_PROBLEM DESCRIPTION:_ In the data below, reproduce everything exactly except the images.

_DATA SHOWN:_
----
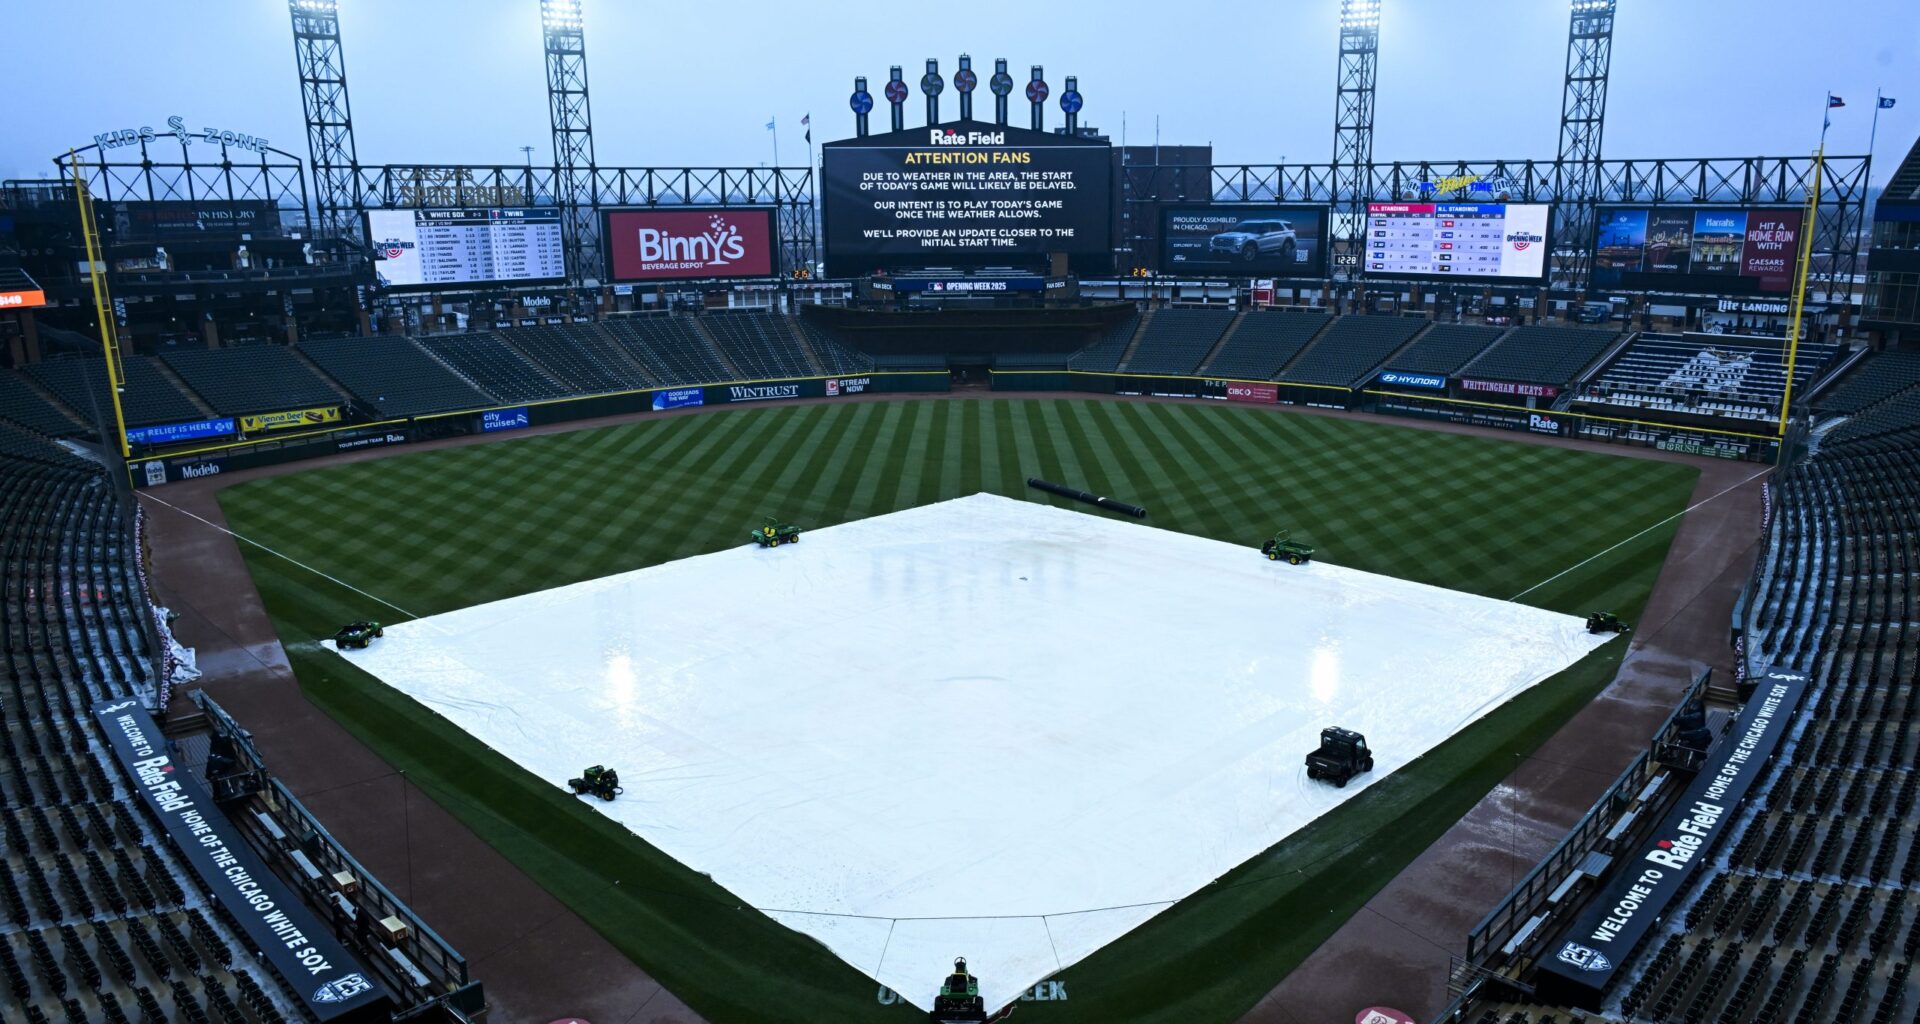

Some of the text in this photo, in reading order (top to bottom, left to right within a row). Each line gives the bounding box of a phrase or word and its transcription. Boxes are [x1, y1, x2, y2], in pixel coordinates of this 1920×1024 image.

[94, 126, 157, 151] KIDS
[203, 127, 269, 154] ZONE
[931, 129, 1004, 145] Rate Field
[905, 152, 1031, 164] ATTENTION FANS
[398, 168, 474, 182] CAESARS
[863, 172, 1072, 182] DUE TO WEATHER IN THE AREA, THE START
[876, 182, 918, 190] TODAY'S
[920, 182, 951, 190] GAME
[952, 182, 976, 190] WILL
[1470, 182, 1493, 191] TIME
[400, 184, 525, 207] SPORTSBOOK
[1760, 222, 1785, 230] HIT A
[1529, 234, 1542, 242] WEEK
[1748, 230, 1794, 242] HOME RUN
[638, 225, 745, 265] Binny's
[1757, 242, 1782, 250] WITH
[642, 262, 704, 270] BEVERAGE DEPOT
[946, 282, 1007, 290] OPENING WEEK 2025
[523, 296, 551, 307] Modelo
[1718, 300, 1788, 313] Lite LANDING
[840, 378, 870, 387] STREAM
[1397, 375, 1440, 386] HYUNDAI
[730, 384, 798, 398] WINTRUST
[846, 385, 864, 393] NOW
[1228, 388, 1244, 396] CIBC
[1462, 379, 1515, 394] WHITTINGHAM
[1517, 384, 1543, 396] MEATS
[258, 412, 285, 424] Vienna
[287, 410, 304, 421] Beef
[484, 412, 500, 423] city
[1530, 414, 1558, 430] Rate
[484, 418, 515, 429] cruises
[148, 426, 177, 438] RELIEF
[189, 422, 212, 432] HERE
[386, 434, 405, 442] Rate
[1674, 444, 1700, 454] RUSH
[182, 463, 220, 479] Modelo
[1590, 684, 1789, 944] WELCOME TO Rate Field HOME OF THE CHICAGO WHITE SOX
[116, 714, 333, 976] WELCOME TO Rate Field HOME OF THE CHICAGO WHITE SOX
[1556, 942, 1591, 966] 125
[331, 972, 374, 999] 125
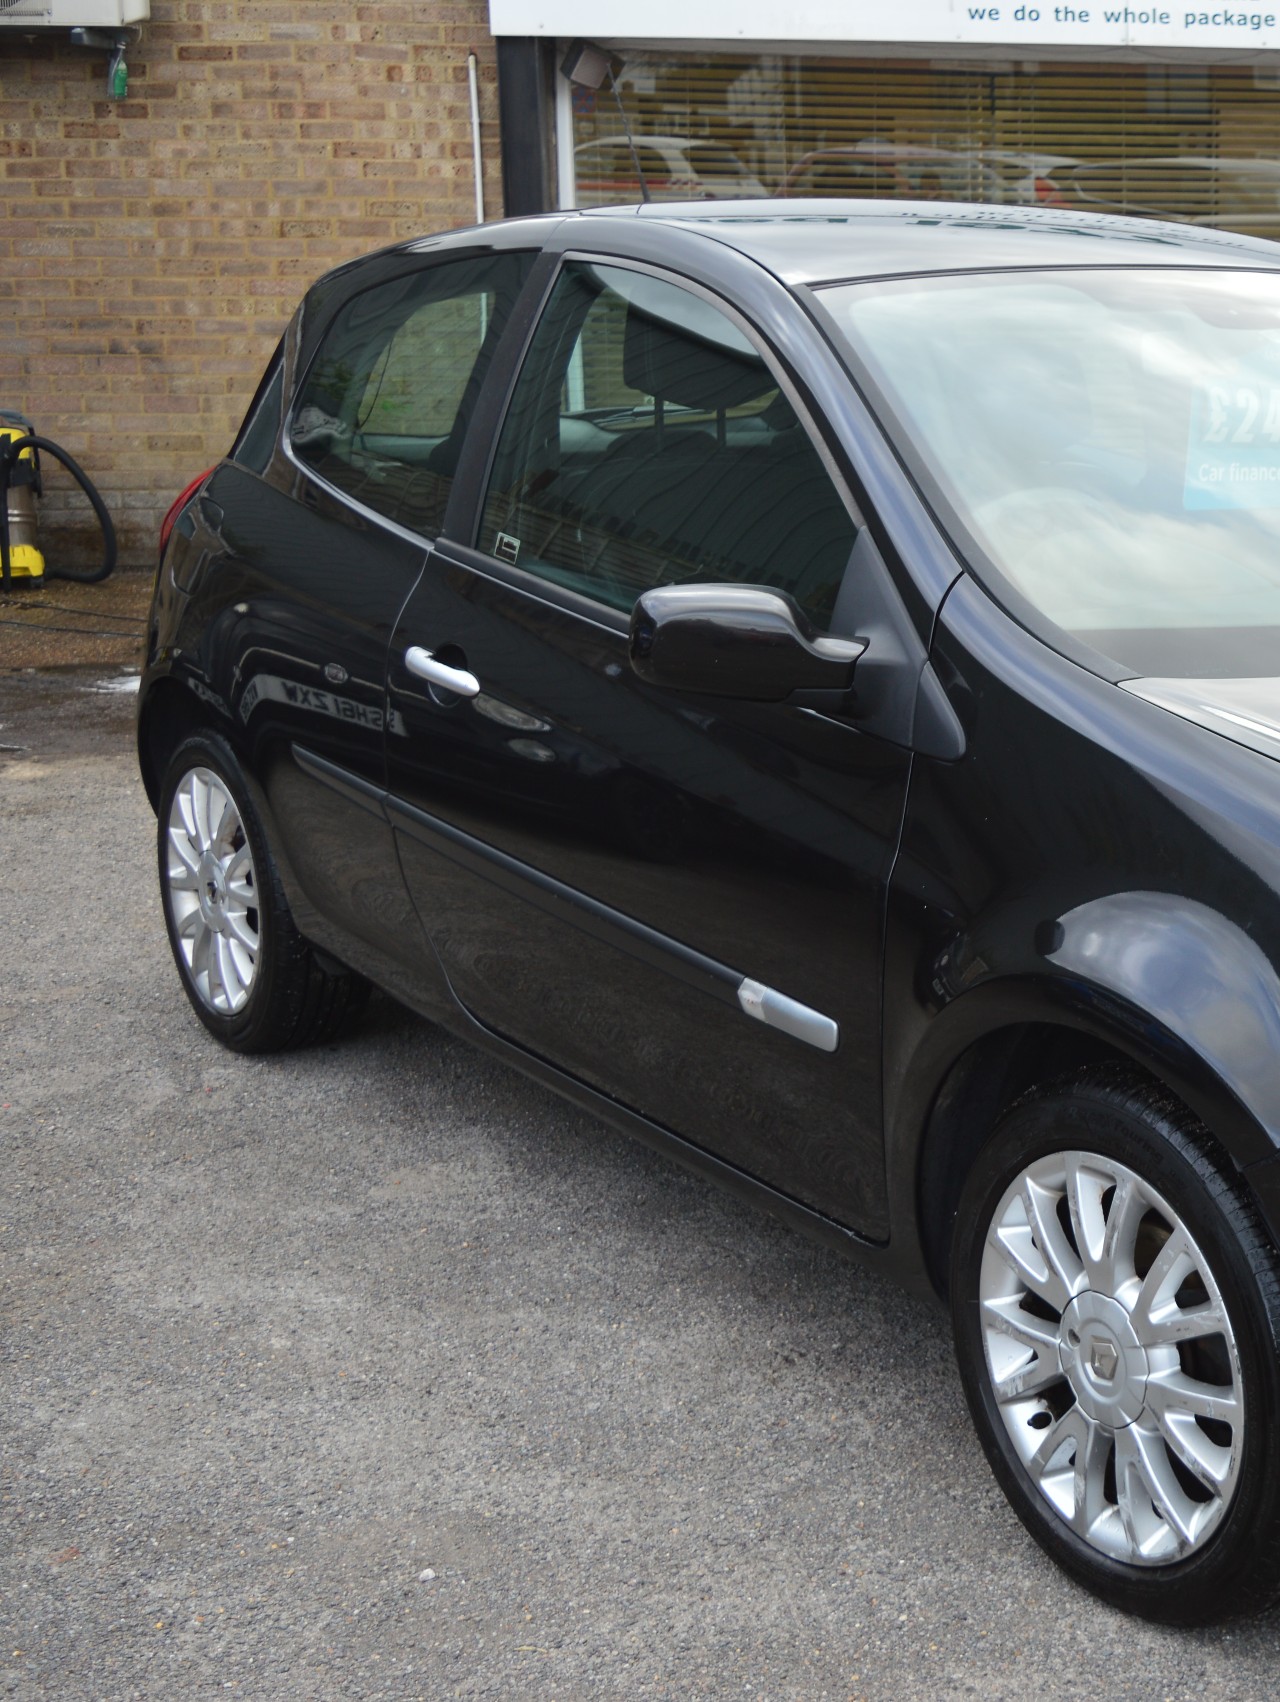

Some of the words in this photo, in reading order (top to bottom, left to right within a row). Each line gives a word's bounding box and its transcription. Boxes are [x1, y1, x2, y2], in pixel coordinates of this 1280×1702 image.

[968, 7, 1000, 20] we
[1014, 5, 1040, 22] do
[1054, 6, 1090, 22] the
[1104, 8, 1171, 24] whole
[1184, 9, 1276, 30] package
[1200, 464, 1225, 482] Car
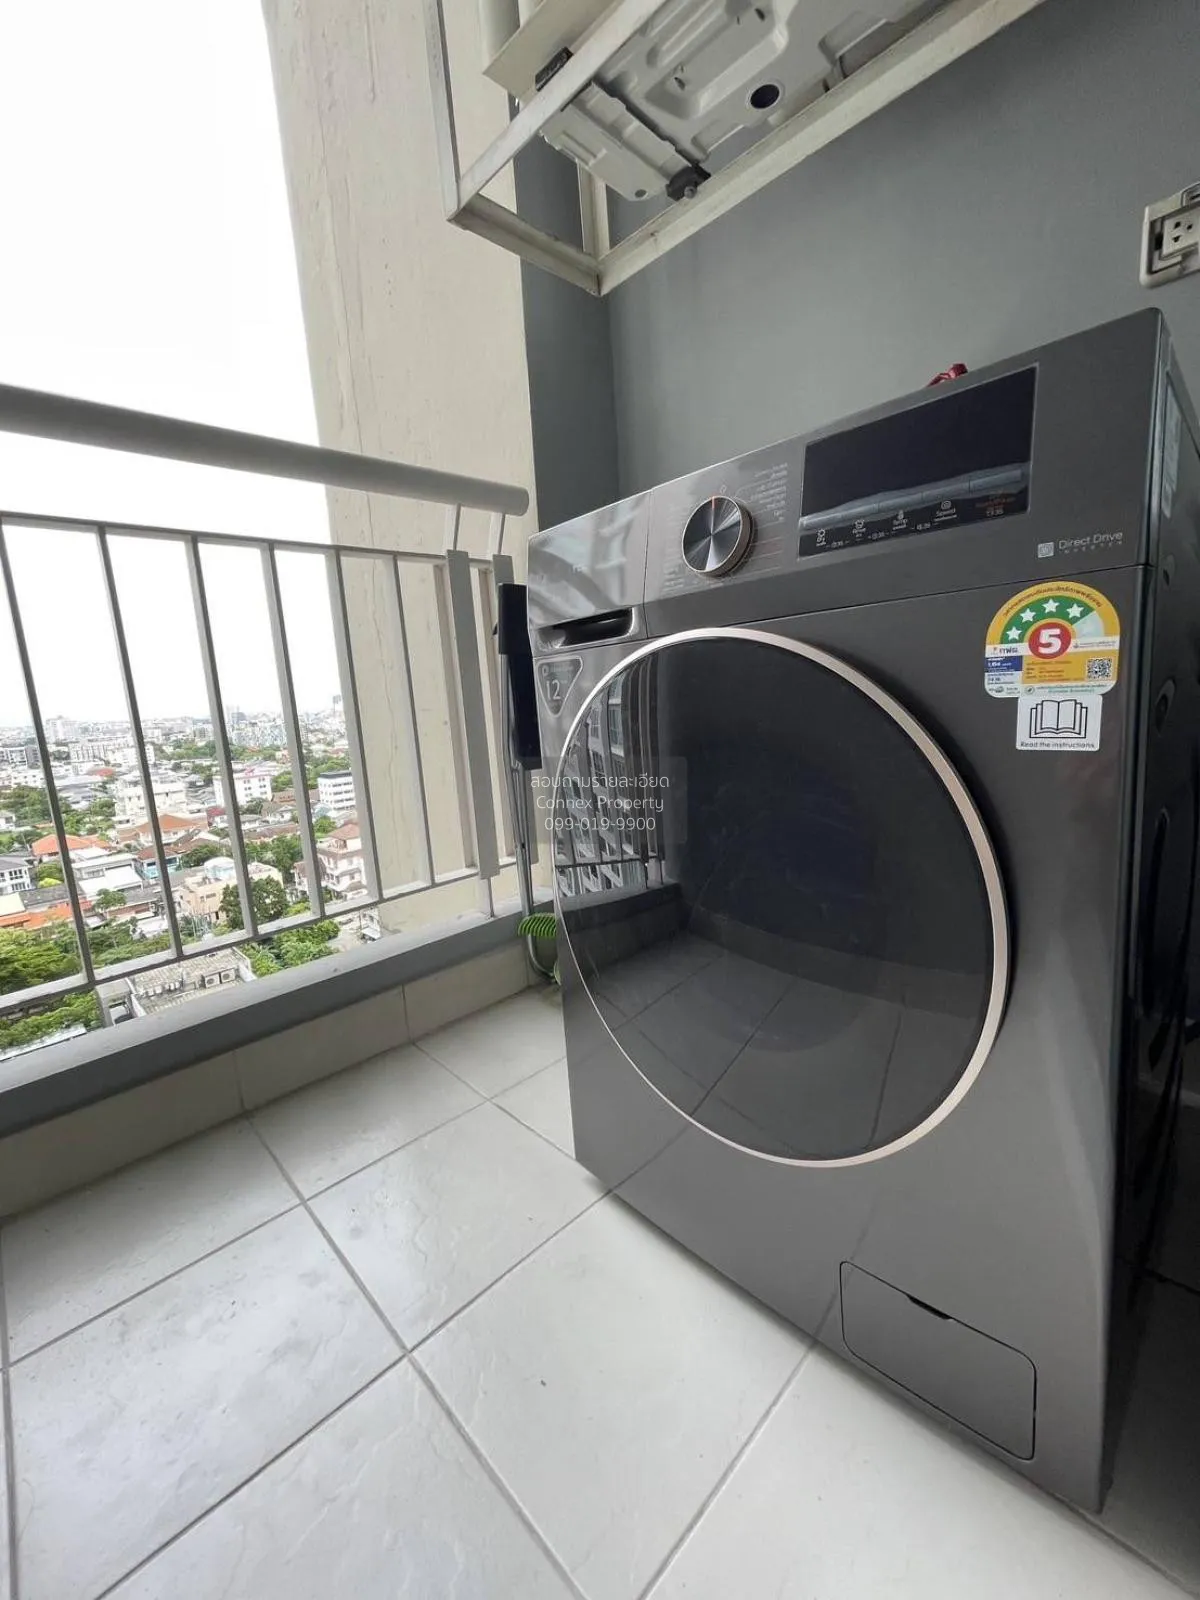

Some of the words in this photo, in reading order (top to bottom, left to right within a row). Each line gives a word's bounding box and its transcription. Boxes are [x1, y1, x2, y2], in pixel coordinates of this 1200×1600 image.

[1058, 536, 1091, 549] Direct
[1093, 532, 1123, 543] Drive
[1038, 628, 1062, 655] 5
[546, 679, 561, 701] 12
----
_OUTPUT FOR THIS EXERCISE:_
Some of the text in this photo, in reading order (top to bottom, left to right within a row). Each line gives the bounding box of a phrase or word and its transcription. Boxes are [x1, y1, x2, y2], in pixel coordinates of this 1920×1024 image.

[94, 126, 157, 151] KIDS
[203, 127, 269, 154] ZONE
[931, 129, 1004, 145] Rate Field
[905, 152, 1031, 164] ATTENTION FANS
[398, 168, 474, 182] CAESARS
[863, 172, 1072, 182] DUE TO WEATHER IN THE AREA, THE START
[876, 182, 918, 190] TODAY'S
[920, 182, 951, 190] GAME
[952, 182, 976, 190] WILL
[1470, 182, 1493, 191] TIME
[400, 184, 525, 207] SPORTSBOOK
[1760, 222, 1785, 230] HIT A
[1529, 234, 1542, 242] WEEK
[1748, 230, 1794, 242] HOME RUN
[638, 225, 745, 265] Binny's
[1757, 242, 1782, 250] WITH
[642, 262, 704, 270] BEVERAGE DEPOT
[946, 282, 1007, 290] OPENING WEEK 2025
[523, 296, 551, 307] Modelo
[1718, 300, 1788, 313] Lite LANDING
[840, 378, 870, 387] STREAM
[1397, 375, 1440, 386] HYUNDAI
[730, 384, 798, 398] WINTRUST
[846, 385, 864, 393] NOW
[1228, 388, 1244, 396] CIBC
[1462, 379, 1515, 394] WHITTINGHAM
[1517, 384, 1543, 396] MEATS
[258, 412, 285, 424] Vienna
[287, 410, 304, 421] Beef
[484, 412, 500, 423] city
[1530, 414, 1558, 430] Rate
[484, 418, 515, 429] cruises
[148, 426, 177, 438] RELIEF
[189, 422, 212, 432] HERE
[386, 434, 405, 442] Rate
[1674, 444, 1700, 454] RUSH
[182, 463, 220, 479] Modelo
[1590, 684, 1789, 944] WELCOME TO Rate Field HOME OF THE CHICAGO WHITE SOX
[116, 714, 333, 976] WELCOME TO Rate Field HOME OF THE CHICAGO WHITE SOX
[1556, 942, 1591, 966] 125
[331, 972, 374, 999] 125

Some of the words in this photo, in reading order (top to bottom, left to right within a row). Each line gives a word's bounding box and its transcription. Boxes are [x1, y1, x2, y2], in pixel coordinates of this 1280×1702 image.

[968, 7, 1000, 20] we
[1014, 5, 1040, 22] do
[1054, 6, 1090, 22] the
[1104, 8, 1171, 24] whole
[1184, 9, 1276, 30] package
[1200, 464, 1225, 482] Car

Some of the words in this photo, in reading order (top to bottom, left to right within a row). Each line gives a word's bounding box and its transcription. Boxes are [x1, y1, x2, y2], in pixel coordinates of this 1200×1600 image.

[1058, 536, 1091, 549] Direct
[1093, 532, 1123, 543] Drive
[1038, 628, 1062, 655] 5
[546, 679, 561, 701] 12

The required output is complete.